This is a really interesting point. Basically everything I know about ReScript is OCaml knowledge transferred, plus some stuff about how certain ways of writing code generates better compiled JS than others. But the thing is, ReScript seems to be pushing you into a bit of a different style than you may write OCaml.

One example is having no let operators (or infix operators)…when you are used to them for writing monadic/applicative code, you may want to write it a certain way, or be more likely to use that style in the first place. But ReScript lacking those, makes it (imo) more tedious to work with that style of code. So you may be more likely to avoid monadic/applicative code. Now, I’m not saying that one way is better/worse than the other, just that it is different. And that ReScript seems to be pushing you to write in a slightly different way than you might with OCaml.

Another example is that certain styles generate better JS output than others. There have been a lot of interesting posts/replies on the forum about getting nice generated JS. What’s interesting is that certain styles of coding will generate better JS, and certain styles/constructs will generate worse JS. So again, it’s another way that the ReScript language itself is pushing you to code in a certain style or to favor certain constructs over others. And that style may not be exactly what you want to do if you’re an OCaml programmer. (Again, that’s okay, ReScript is it’s own thing.)

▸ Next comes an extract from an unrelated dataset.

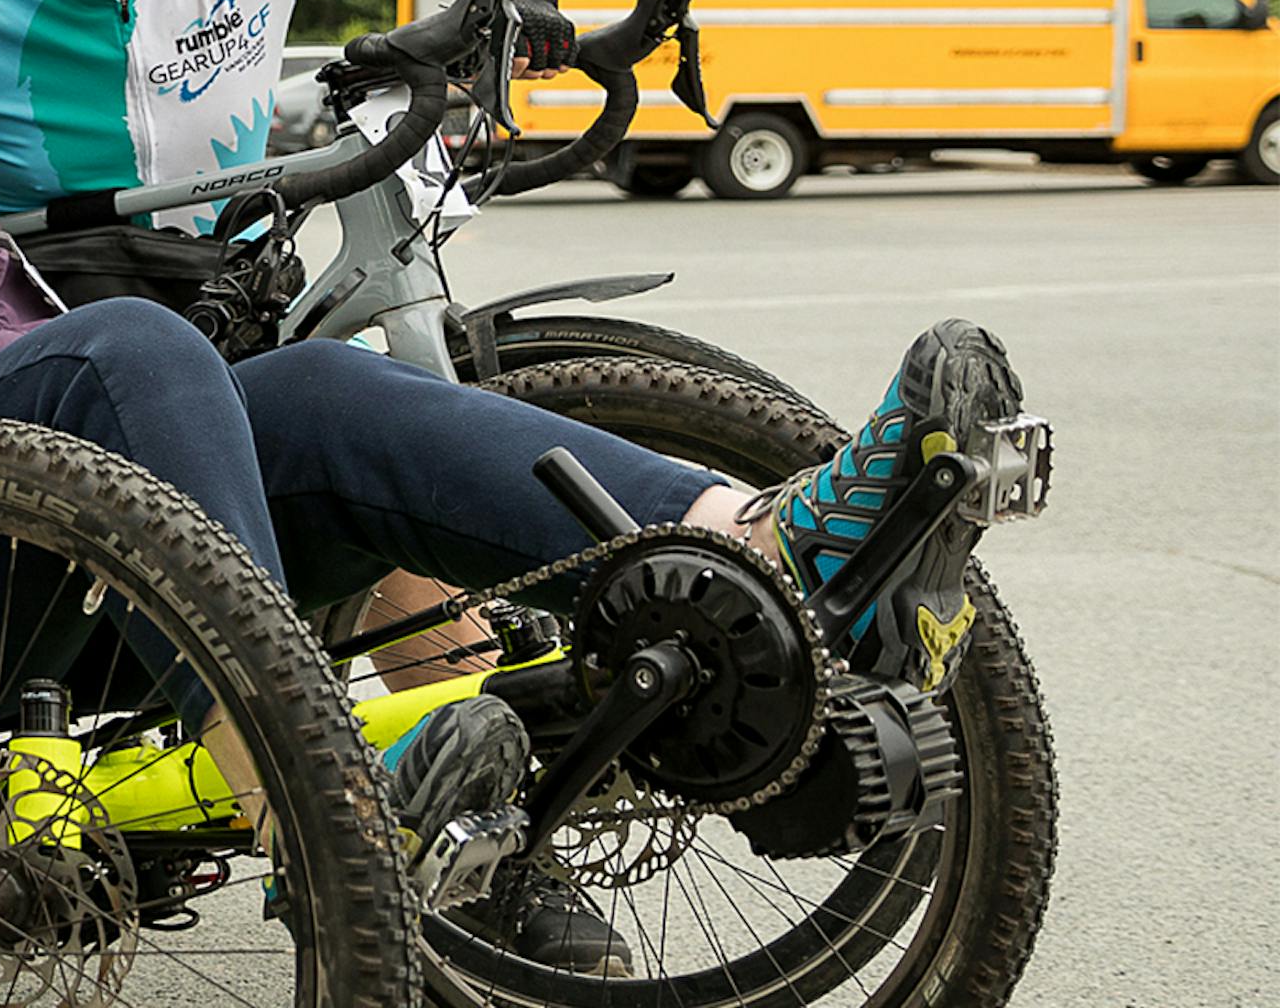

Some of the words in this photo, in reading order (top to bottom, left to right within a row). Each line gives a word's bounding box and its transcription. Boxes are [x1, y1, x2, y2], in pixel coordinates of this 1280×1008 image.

[175, 10, 244, 55] rumble
[191, 165, 285, 195] NORCO
[544, 330, 640, 348] MARATHON

So yeah, it’s really easy to just think, well, ReScript is really close to OCaml in a lot of ways, (ie used to be bucklescript), and I’m an OCaml programmer, so I will write ReScript just like OCaml and be (mostly) fine. But that really doesn’t seem to be what ReScript itself is pushing you to do. You can do it that way, but is it really the nicest, most idoimatic way? Maybe not.

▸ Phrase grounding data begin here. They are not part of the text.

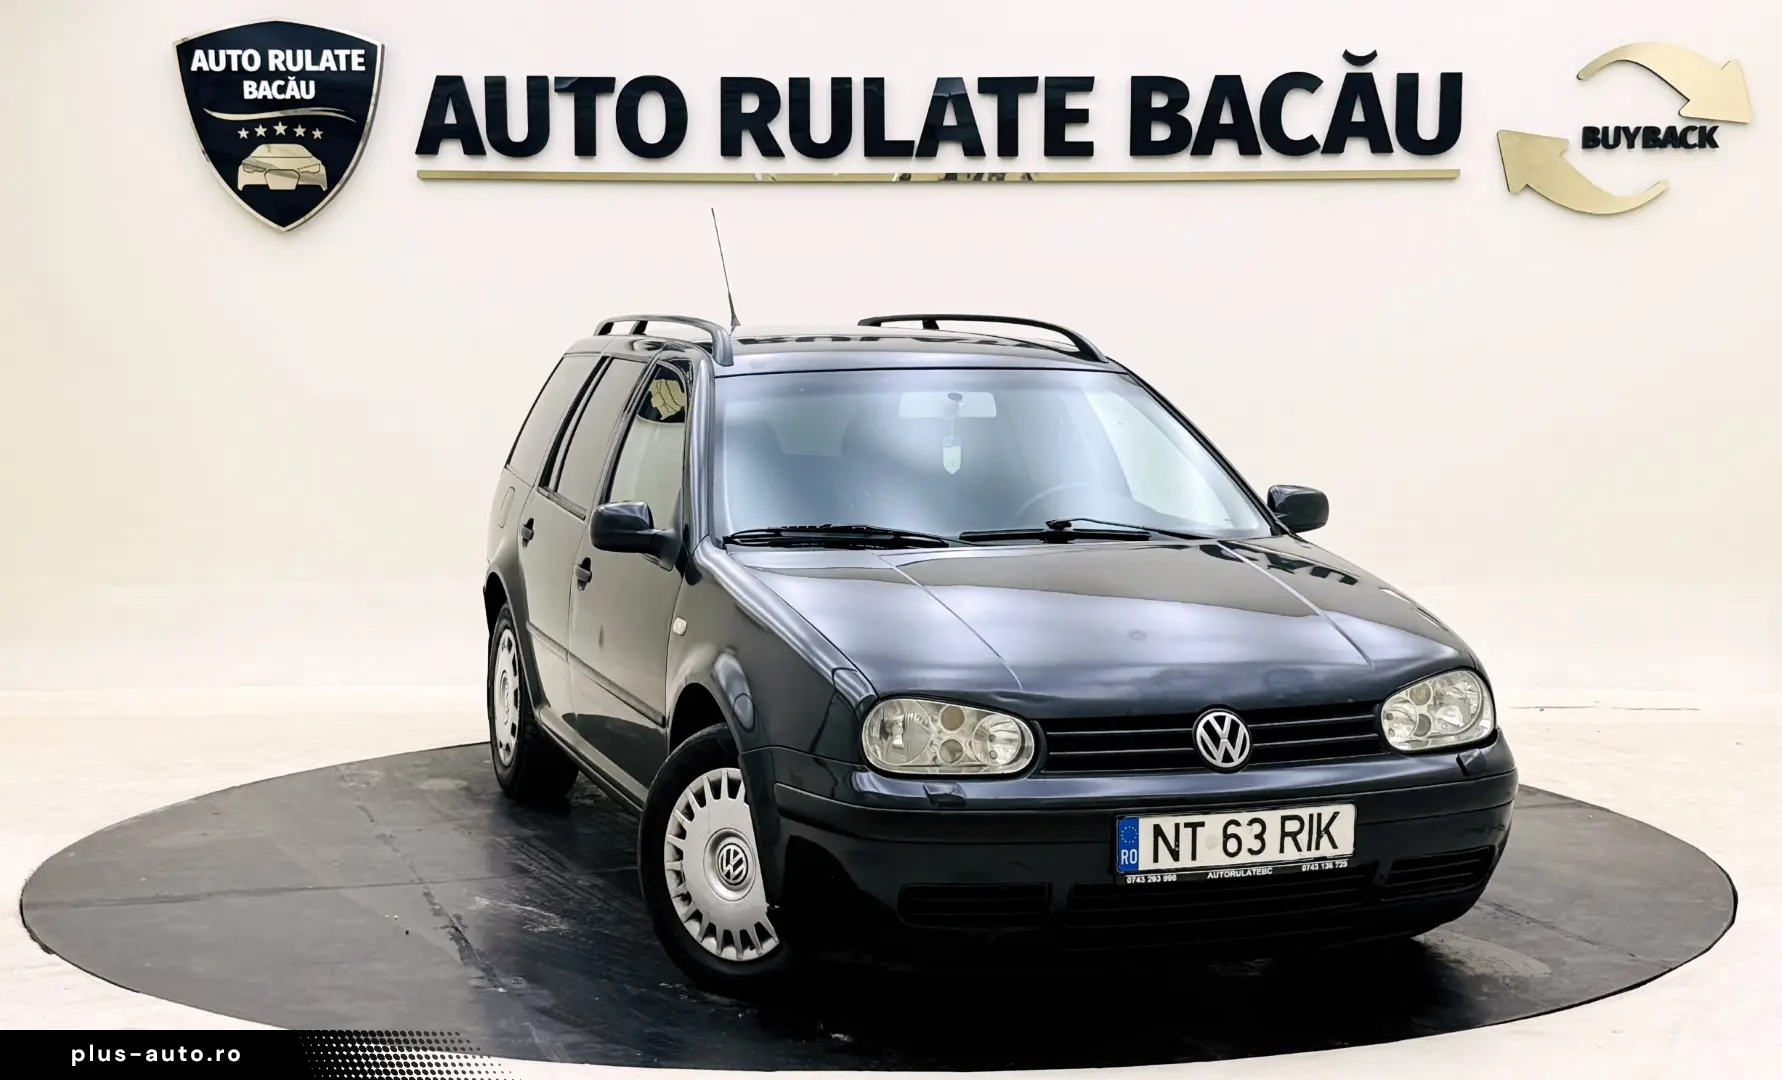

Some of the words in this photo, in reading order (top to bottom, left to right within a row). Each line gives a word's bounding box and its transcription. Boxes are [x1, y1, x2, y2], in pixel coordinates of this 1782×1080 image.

[190, 48, 262, 72] AUTO
[267, 48, 366, 72] RULATE
[242, 76, 316, 100] BACĂU
[415, 75, 688, 159] AUTO
[720, 76, 1095, 159] RULATE
[1129, 49, 1463, 157] BACĂU
[1581, 125, 1719, 150] BUYBACK
[1152, 821, 1205, 864] NT
[1222, 817, 1267, 858] 63
[1279, 811, 1341, 854] RIK
[1120, 849, 1138, 865] RO
[1302, 863, 1319, 872] 0743
[1127, 875, 1146, 884] 0743

To circle back around to the original question about idiomatic/nice/cool/clear ReScript code…when you need “advanced” info, since ReScript is still so new, often the easiest option is to read material/libraries for/in OCaml, or to see how something is done in OCaml. But ReScript itself is subtly pushing you to write code in a way that may not line up with how you may want to approach something in OCaml.

Super long winded way to say, I think the OP question is a really good one that I also have and am curious to hear from more experienced ReScripters about how they approach it.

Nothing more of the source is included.